▸ **Work to be completed**: Every record must be copied exactly, except that pictures are dropped.

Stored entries
=== Begin Enclosure ===

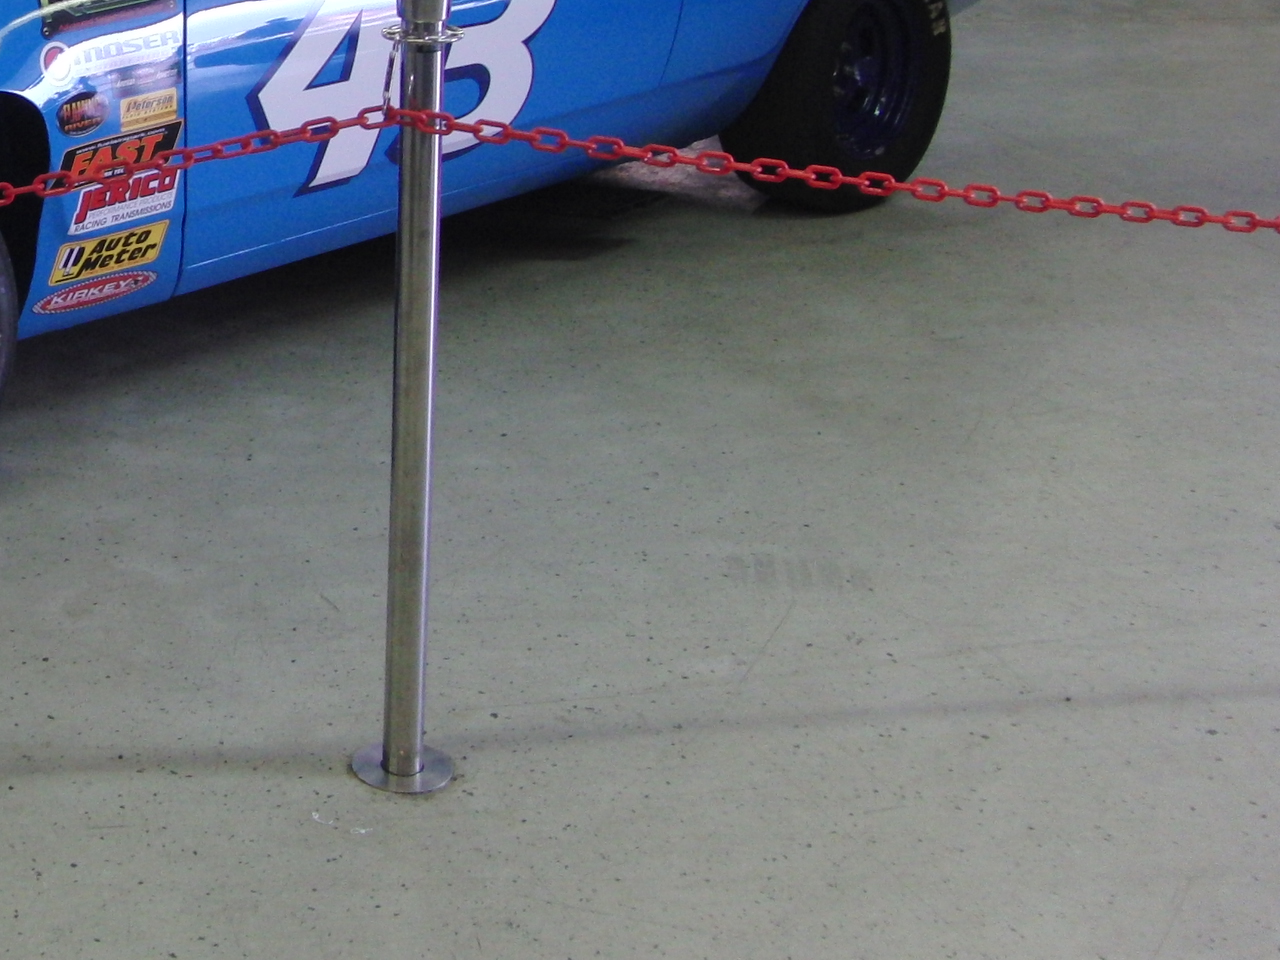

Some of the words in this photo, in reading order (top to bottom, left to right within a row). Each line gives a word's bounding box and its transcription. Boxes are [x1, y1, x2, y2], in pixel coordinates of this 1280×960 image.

[70, 132, 164, 179] FAST
[74, 170, 176, 225] JERICO
[74, 218, 108, 233] RACING
[111, 201, 172, 222] TRANSMISSIONS
[81, 243, 157, 271] Meter
[88, 230, 151, 256] Auto
[50, 279, 132, 307] KIRKEY

=== End Enclosure ===

▸ **Solved problem**:
Some of the words in this photo, in reading order (top to bottom, left to right within a row). Each line gives a word's bounding box and its transcription. Boxes are [x1, y1, x2, y2], in pixel coordinates of this 1280×960 image.

[70, 132, 164, 179] FAST
[74, 170, 176, 225] JERICO
[74, 218, 108, 233] RACING
[111, 201, 172, 222] TRANSMISSIONS
[81, 243, 157, 271] Meter
[88, 230, 151, 256] Auto
[50, 279, 132, 307] KIRKEY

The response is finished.